The Science Journal of the American Association for Respiratory Care

2008 OPEN FORUM Abstracts

PERFORMANCE OF SEVEN SMALL VOLUME NEBULIZERS AT THREE DIFFERENT FLOWRATES JOHN M HUGHES RRT M ED AE-C, TARA STEPHENS BS CRT, AND CHRISTIE FORSMAN BS CRT

John M. Hughes1, Christy E. Forsman1, Tara L. Stephens1



Background: Patients with respiratory diseases benefit from the delivery of aerosolized medication via a small volume nebulizer (SVN). There are many different models of SVN available that exhibit a variety of performance characteristics.

Objectove: Investigate the rate of aerosol delivery, time to the onset of sputtering and dead volume of seven currently available models.

Methods: Utilizing a ventilator-driven spontaneous breathing lung model, the rate of delivery (mg/L), sputter time (sec.), and dead volume (ml) were analyzed. Eighteen samples of seven currently available models were filled with 3000 mg of water and operated in groups of six at 6, 8, and 10 L/min respectively. They were weighed initially and following each minute of aerosol production until they sputtered. Final weight was determined after operating each SVN for one minute following the minute in which each began to sputter. The mg weight decrement following each minute was divided by the number of liters of gas used during each respective minute to determine rate of delivery.

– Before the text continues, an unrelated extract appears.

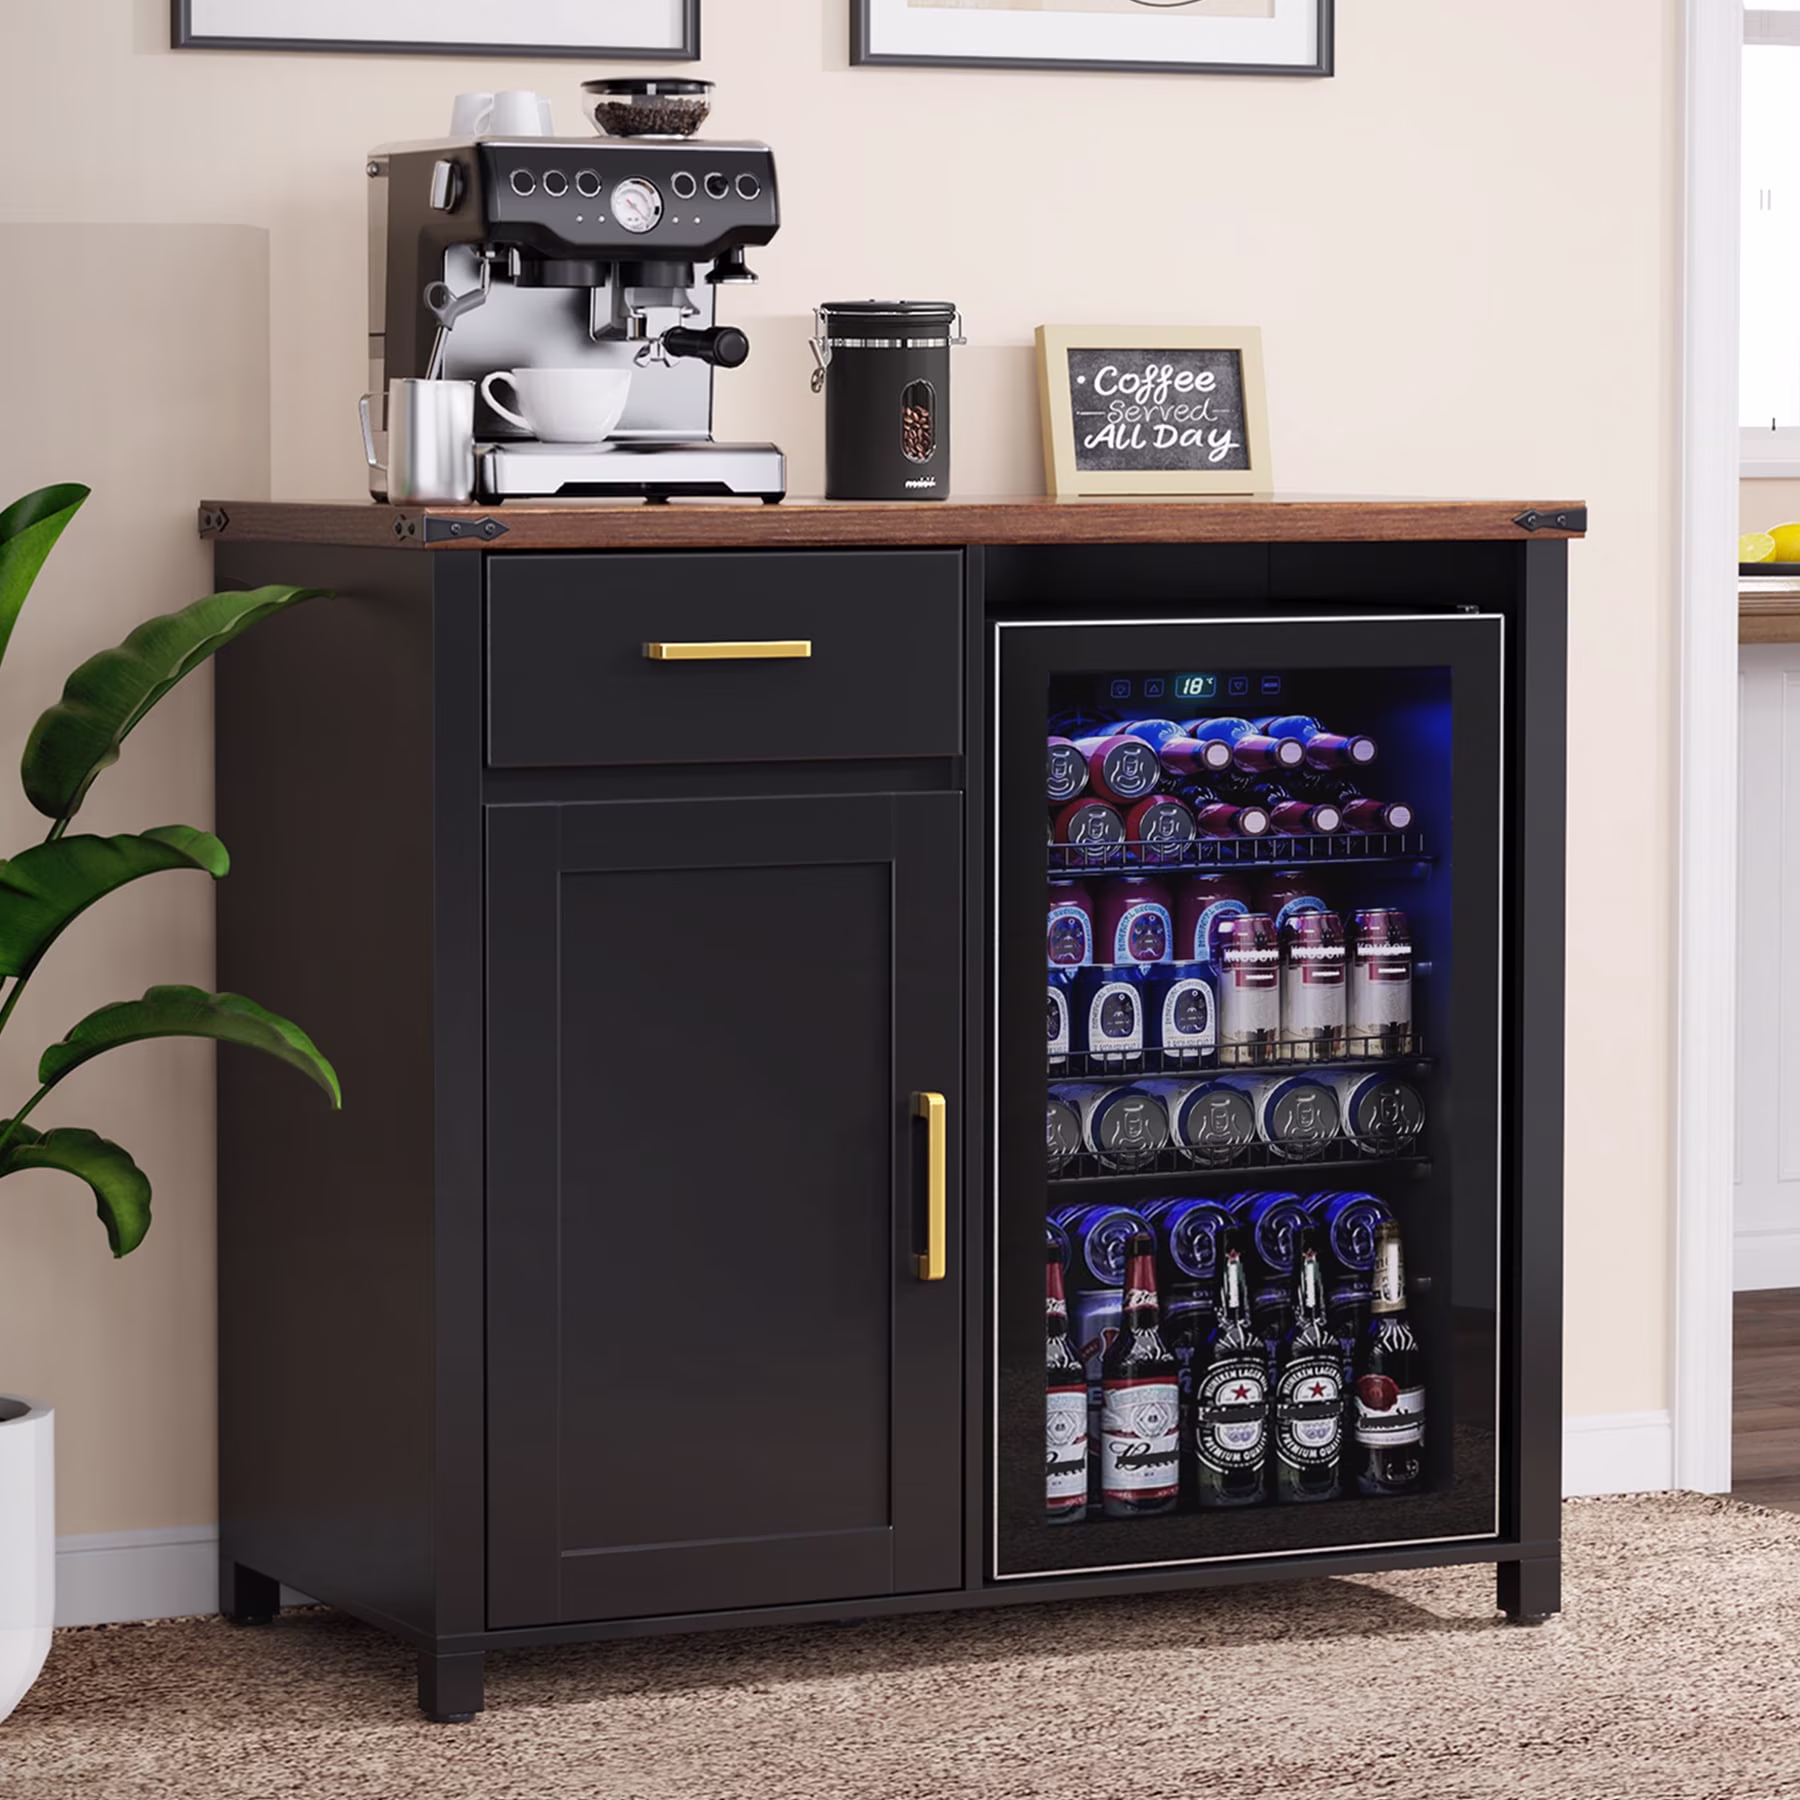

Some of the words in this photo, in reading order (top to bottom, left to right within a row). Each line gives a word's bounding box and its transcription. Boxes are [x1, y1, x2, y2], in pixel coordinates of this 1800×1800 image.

Results: The Westmed Vixone and Airlife Sidestream High-Efficiency exhibited the smallest dead volume depending on gas flowrate (p<0.05). At 8 L/min the Salter Labs 8900 began to sputter in the shortest time and generally produced the highest rate of aerosol delivery (p<0.01).

Conclusion: The design variables in the SVNs tested produced substantial differences in dead volume, nebulization time and rate of delivery. Although there was consistent performance among the trials of each individual model, it was apparent that there were significant design-related performance differences between these seven different SVN models.